A report Drinks Market Analysis found  about 80 percent of beer sales occur at retailers and similar locations where consumers can take the product home. Another 20 percent of beer sales occur at bars and restaurants, according to the report.

The Bud Light backlash started when the company opted to make a personalized beer can for transgender influencer Dylan Mulvaney, which was then posted to social media. Conservative celebrities and influencers soon called for a boycott of the brand, and Florida Gov. Ron DeSantis, a 2024 Republican presidential candidate, later called for his state to investigate the company for alleged misuse of funds.
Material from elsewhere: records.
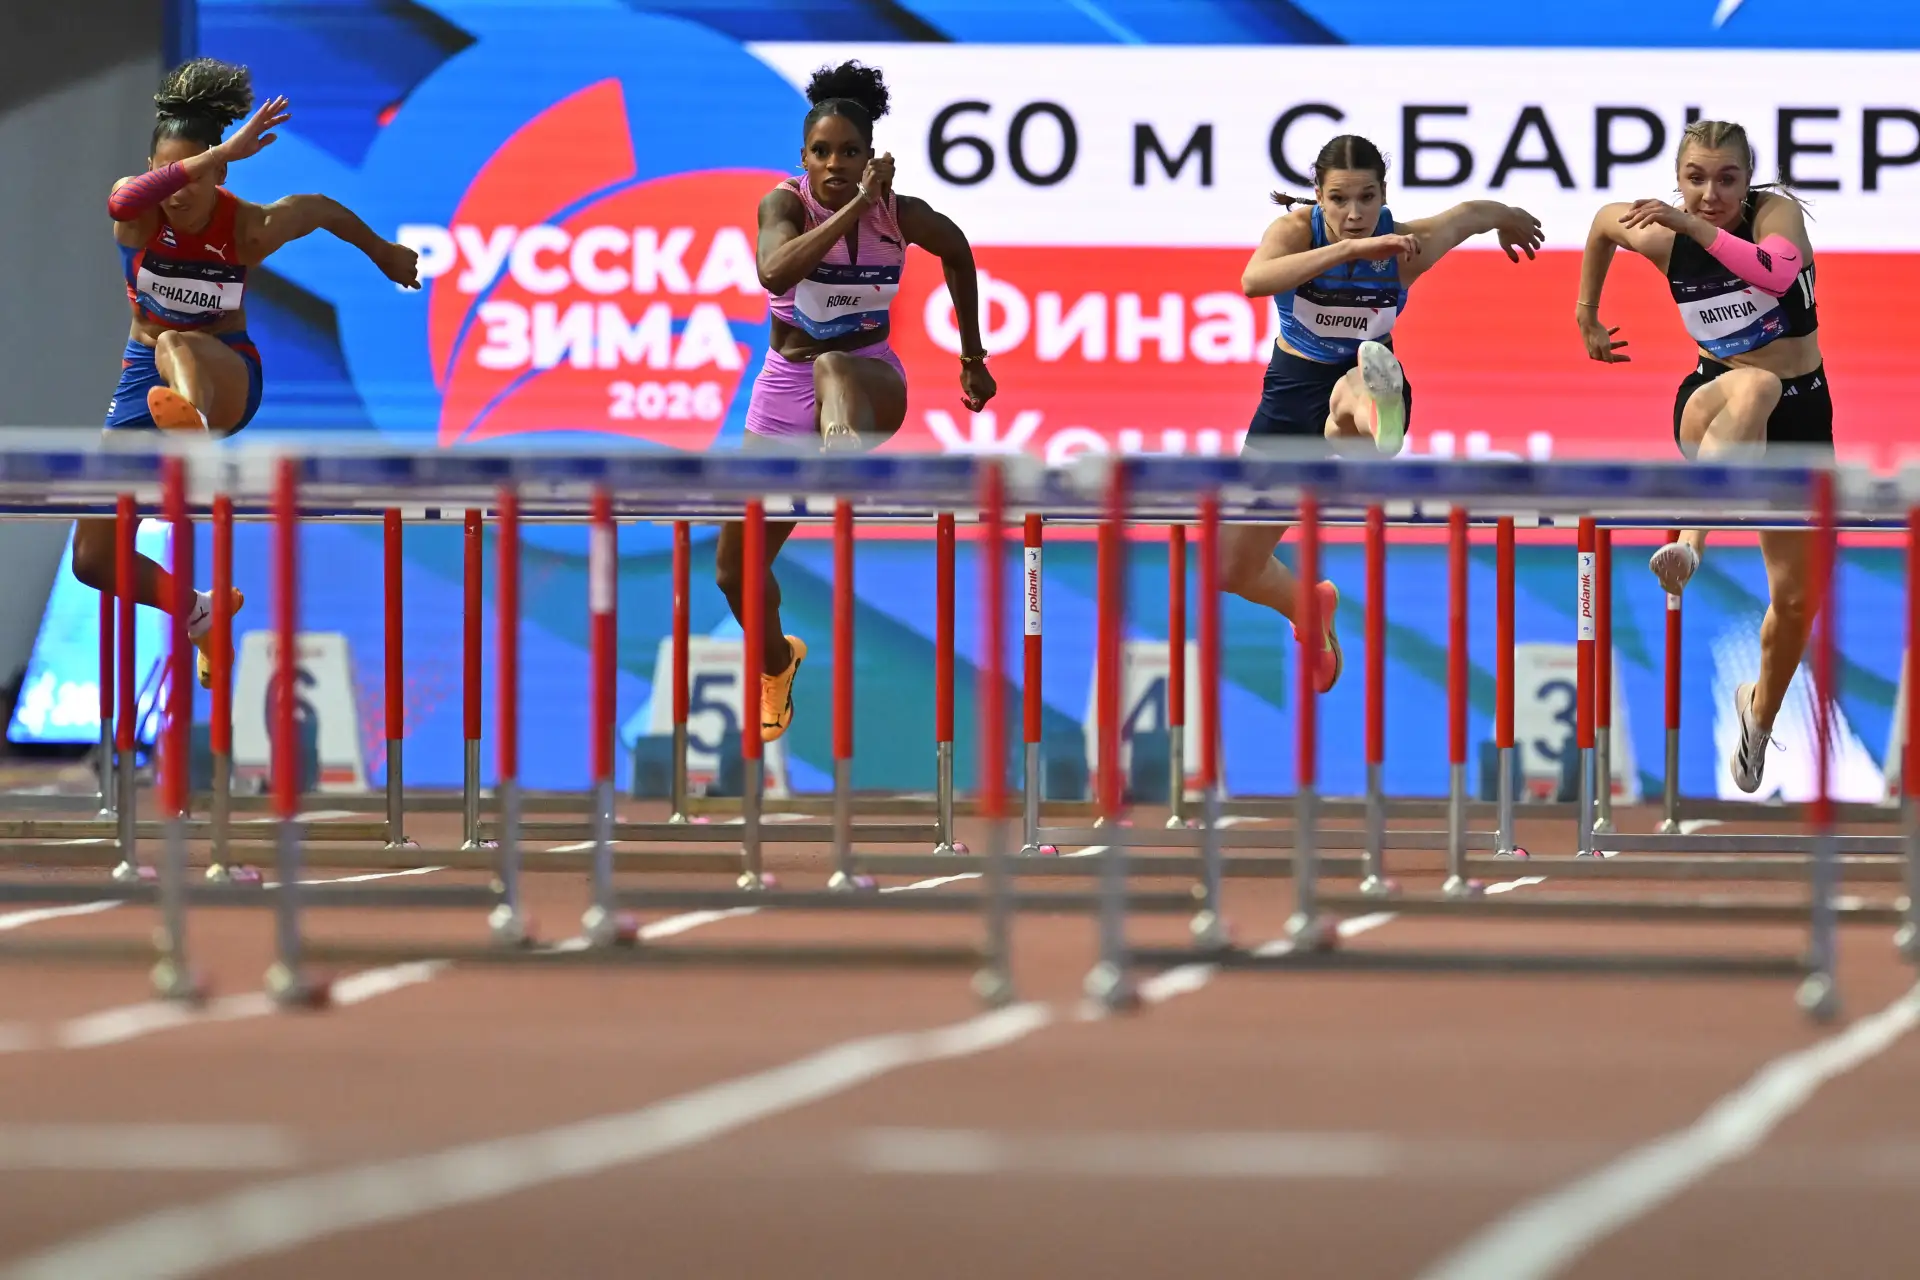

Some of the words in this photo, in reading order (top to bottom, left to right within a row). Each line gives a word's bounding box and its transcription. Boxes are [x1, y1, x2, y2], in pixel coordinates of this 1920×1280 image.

[928, 100, 1077, 186] 60
[1133, 124, 1213, 186] м
[1402, 104, 1920, 193] БАРЕР
[151, 281, 223, 310] ECHAZABAL
[826, 294, 861, 308] ROBLE
[924, 269, 1281, 365] Фина
[1699, 301, 1757, 325] RATIYEVA
[476, 302, 744, 370] ЗИМА
[1315, 313, 1368, 331] OSIPOVA
[608, 382, 723, 420] 2026
[1028, 568, 1039, 613] polanik
[1580, 573, 1592, 618] polanik
[688, 673, 742, 757] 5
[1534, 679, 1578, 761] 3
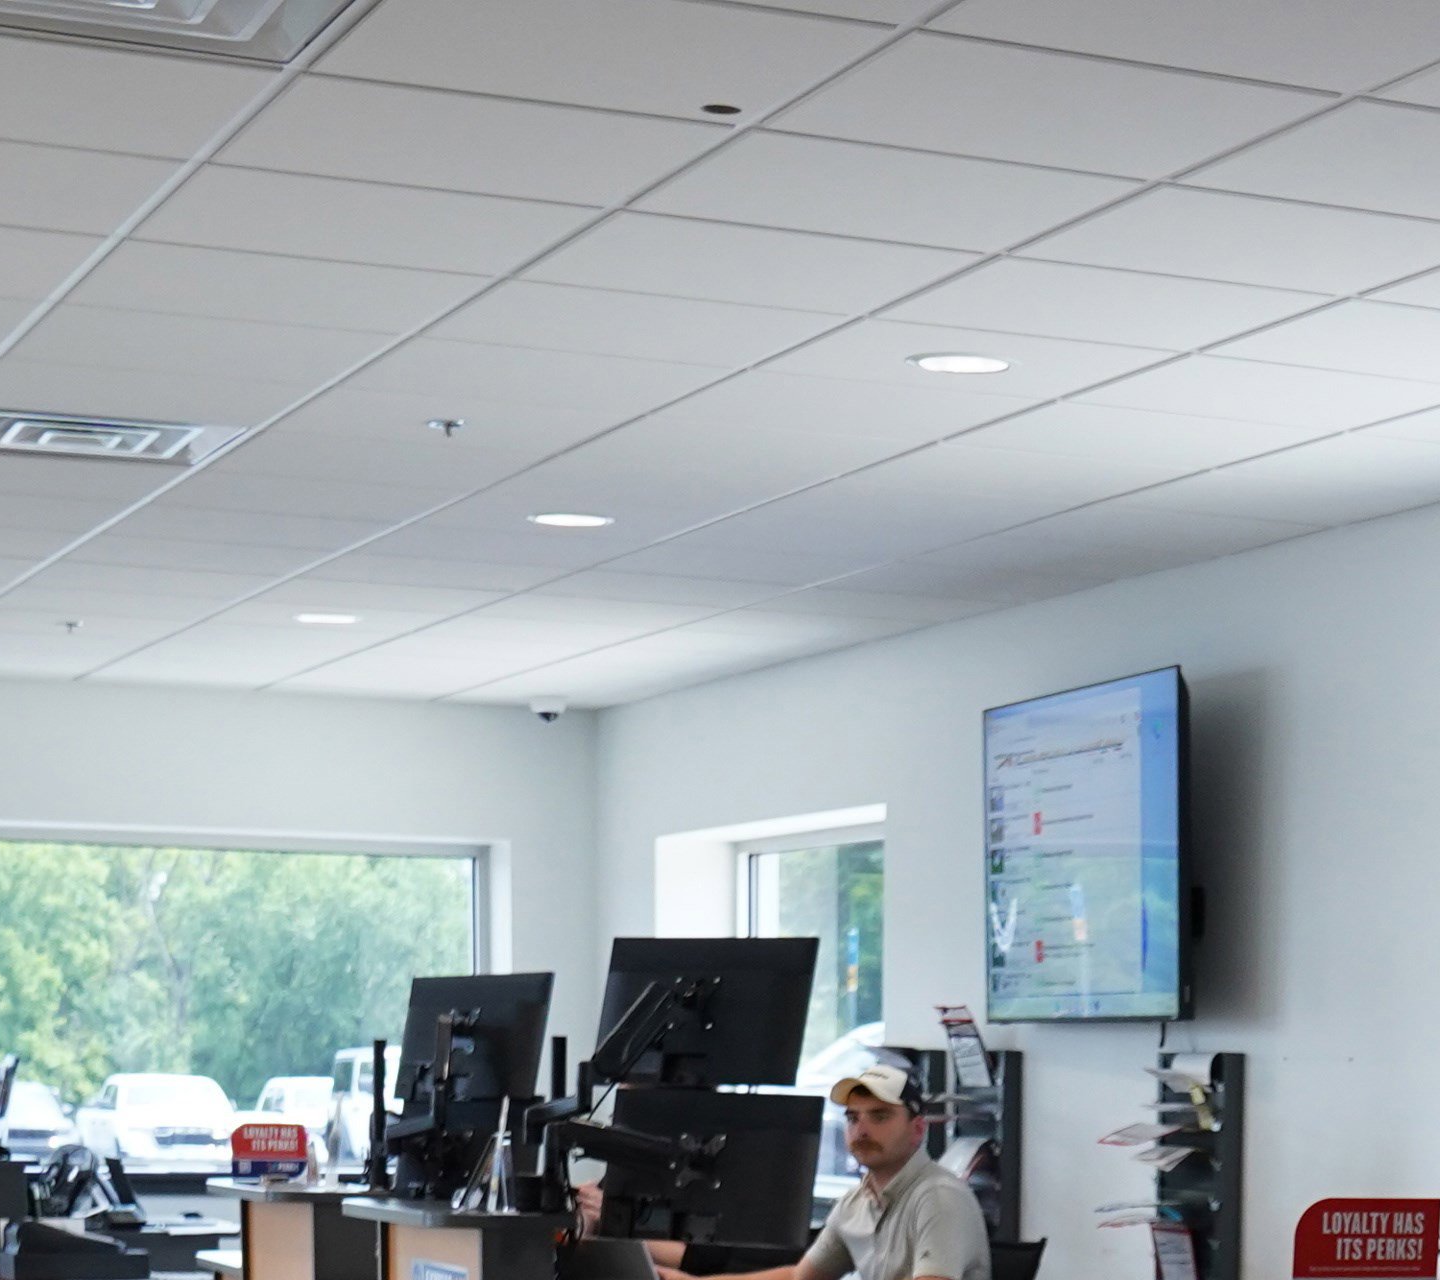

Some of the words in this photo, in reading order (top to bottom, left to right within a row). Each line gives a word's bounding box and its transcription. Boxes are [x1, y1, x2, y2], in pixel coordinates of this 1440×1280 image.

[243, 1127, 280, 1140] LOYALTY
[281, 1127, 298, 1139] HAS
[1322, 1211, 1391, 1235] LOYALTY
[1393, 1211, 1426, 1235] HAS
[1336, 1237, 1364, 1261] ITS
[1366, 1237, 1424, 1261] PERKS!
In the weeks after the backlash started, Anheuser-Busch InBev CEO Michel Doukeris told investors on a call that just “one can” was made with the influencer’s face and that there was no official partnership. He also blamed alleged social media “misinformation and confusion” for the boycott and disputed the claims that it was a campaign.

“It was not: it was one post. It was not an advertisement,” he stated.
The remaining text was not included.